Softskills
Soft Skills – was im Gemeindedienst wirklich zählt
Fachliche Qualifikationen sind wichtig – aber sie allein reichen nicht. Im öffentlichen Dienst kommt es auch auf Soft Skills an: persönliche, soziale und methodische Fähigkeiten, die das tägliche Miteinander prägen. Besonders im Umgang mit Bürger:innen, Kolleg:innen oder in der Zusammenarbeit über Abteilungen hinweg machen Soft Skills oft den entscheidenden Unterschied.
Diese Kompetenzen sind besonders gefragt:
- Kommunikationsfähigkeit: klar, freundlich und verständlich auftreten
- Teamfähigkeit: gemeinsam statt allein – gute Zusammenarbeit ist entscheidend
- Flexibilität: neue Aufgaben, neue Situationen – anpassungsfähig bleiben
- Lösungsorientierung: nicht das Problem sehen, sondern die Lösung
- Verlässlichkeit & Genauigkeit: besonders wichtig bei rechtlichen oder finanziellen Themen
- Eigeninitiative & Motivation: mitdenken, anpacken, Verantwortung übernehmen
- Zeitmanagement: Termine im Griff, Aufgaben im Fluss
- Empathie & soziale Kompetenz: Menschen ernst nehmen – ob intern oder extern
Wie kann ich Soft Skills zeigen?
Soft Skills lassen sich nicht zertifizieren – aber belegen: durch Beispiele aus dem Beruf, Ehrenamt oder Alltag. Sprechen Sie im Bewerbungsschreiben oder Gespräch konkret an, wo Sie Ihre Stärken eingebracht haben. Das wirkt glaubwürdig – und bleibt in Erinnerung.

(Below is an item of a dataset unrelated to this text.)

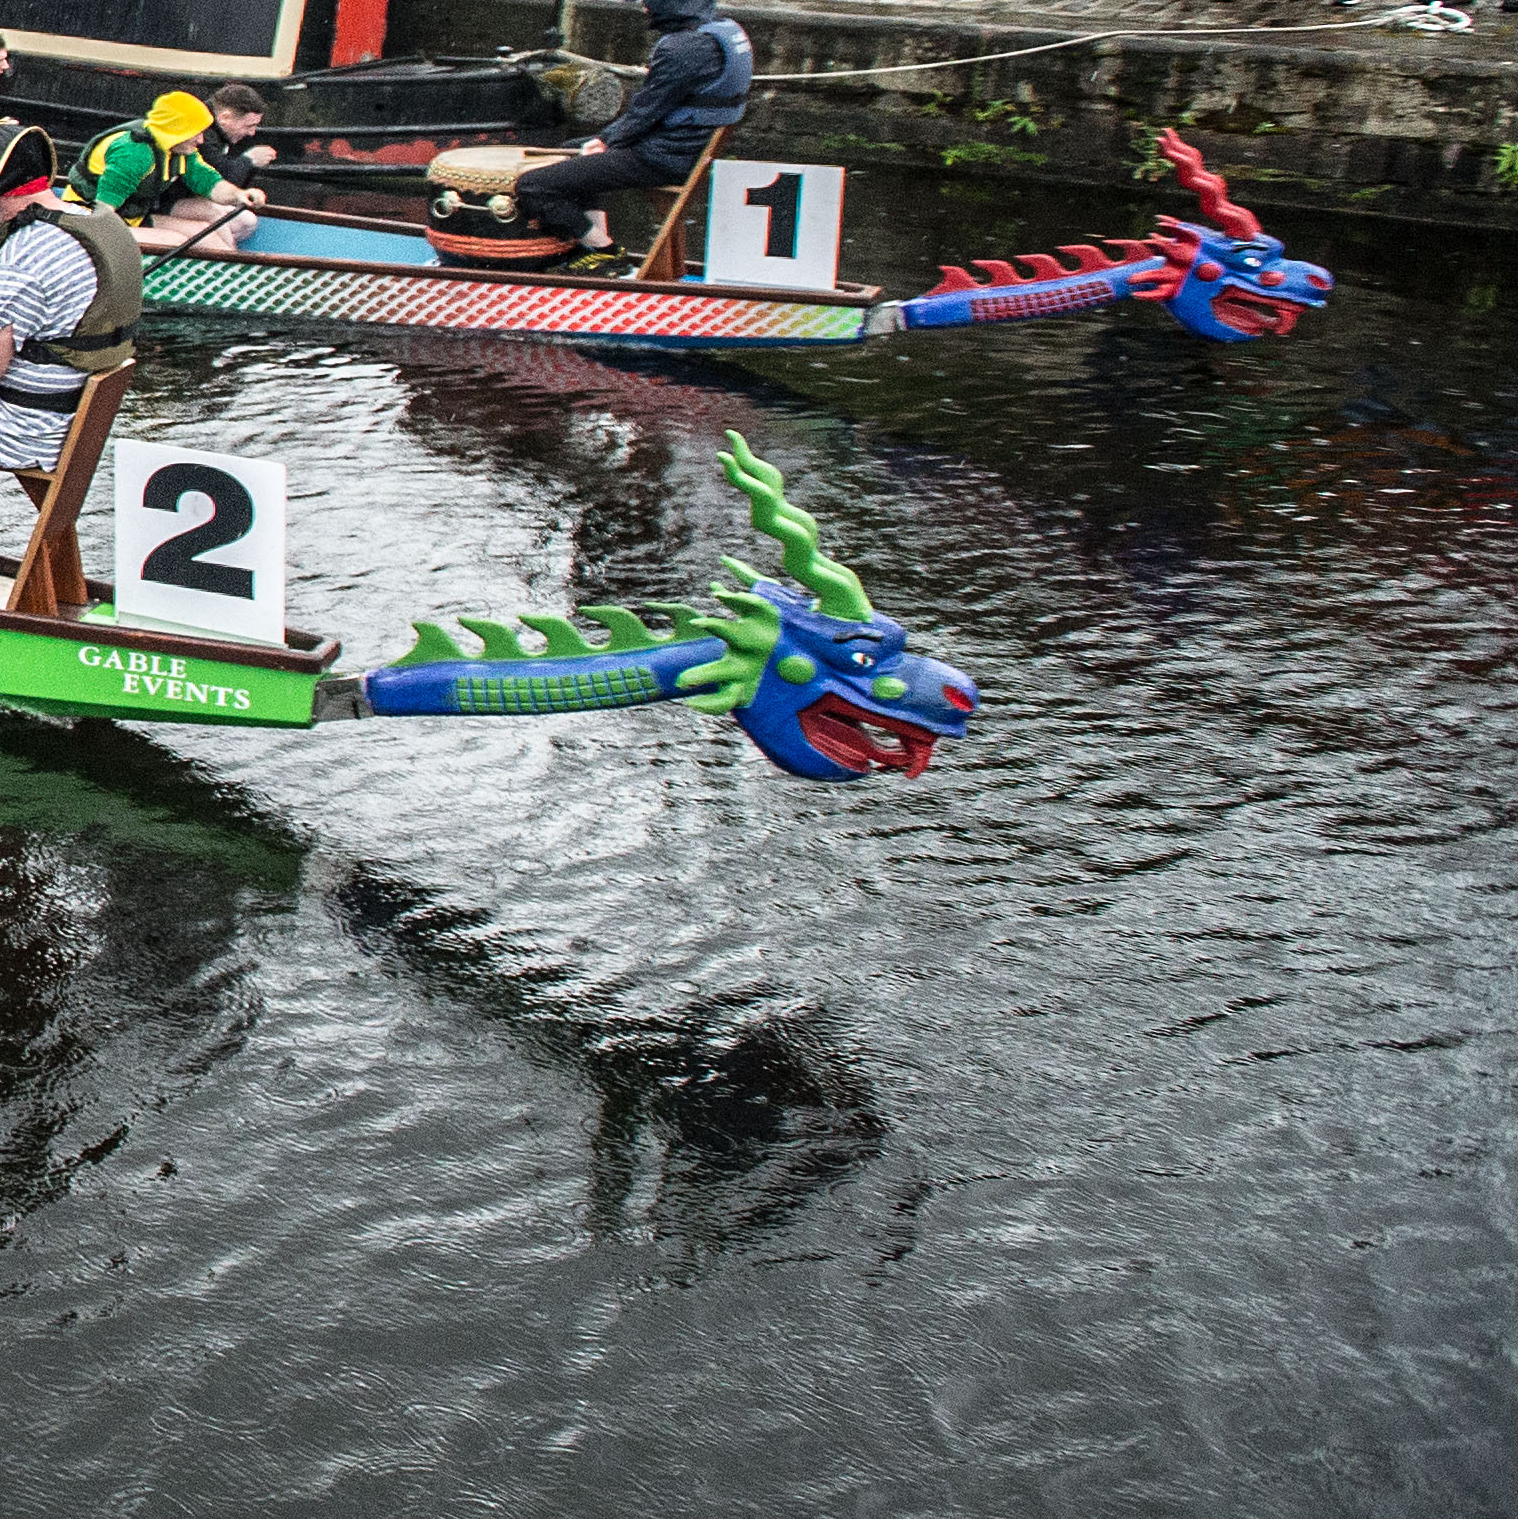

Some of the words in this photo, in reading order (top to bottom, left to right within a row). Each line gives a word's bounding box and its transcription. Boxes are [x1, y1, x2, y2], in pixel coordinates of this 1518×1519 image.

[745, 172, 804, 259] 1
[141, 462, 255, 600] 2
[78, 646, 187, 679] GABLE
[123, 673, 251, 710] EVENTS

Besonders wichtig in Führungspositionen:
Wer sich für Leitungsfunktionen bewirbt, sollte zusätzlich zeigen, dass er oder sie:
- Verantwortung übernimmt
- klar kommuniziert und Entscheidungen trifft
- motivieren und fördern kann
- das große Ganze im Blick behält – und trotzdem nah am Team bleibt
Im öffentlichen Dienst zählt nicht nur, was Sie können, sondern auch wie Sie es einbringen. Zeigen Sie im Bewerbungsprozess, wer Sie sind – und was Sie als Person ins Team mitbringen. Soft Skills sind dabei oft das Zünglein an der Waage.